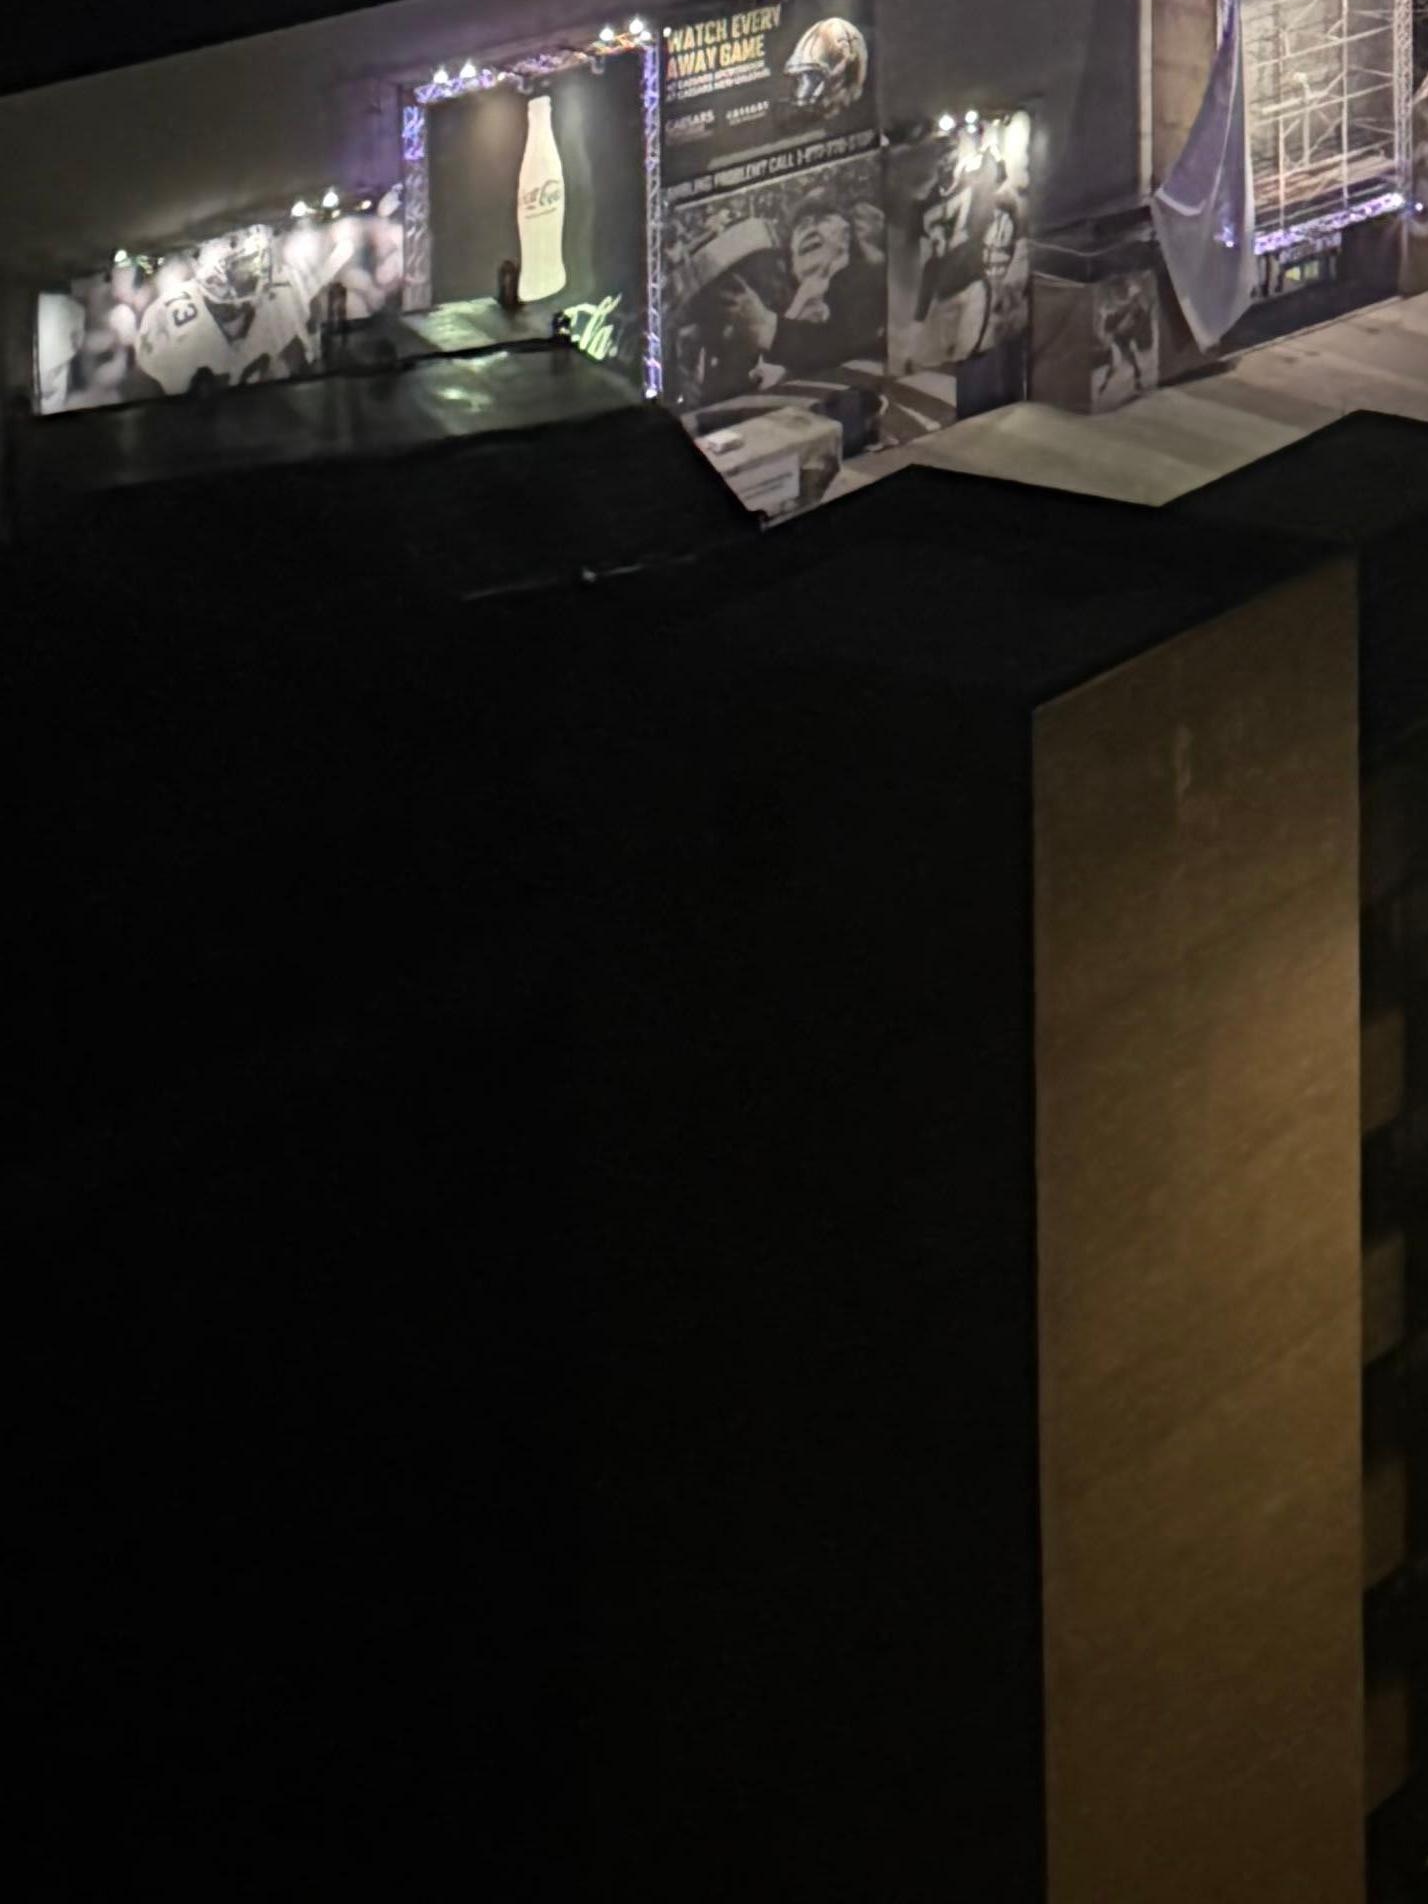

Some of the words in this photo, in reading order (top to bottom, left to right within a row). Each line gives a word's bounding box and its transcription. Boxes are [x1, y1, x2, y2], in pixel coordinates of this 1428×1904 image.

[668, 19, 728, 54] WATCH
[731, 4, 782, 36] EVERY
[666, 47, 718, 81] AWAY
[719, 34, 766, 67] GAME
----------------------------------------
Copy every entry exactly; drop the pictures.

Some of the words in this photo, in reading order (top to bottom, left to right within a row). Each line gives a word's bounding box and its transcription. Boxes are [x1, y1, x2, y2], in pixel coordinates of this 1428×1904 image.

[668, 19, 728, 54] WATCH
[731, 4, 782, 36] EVERY
[666, 47, 718, 81] AWAY
[719, 34, 766, 67] GAME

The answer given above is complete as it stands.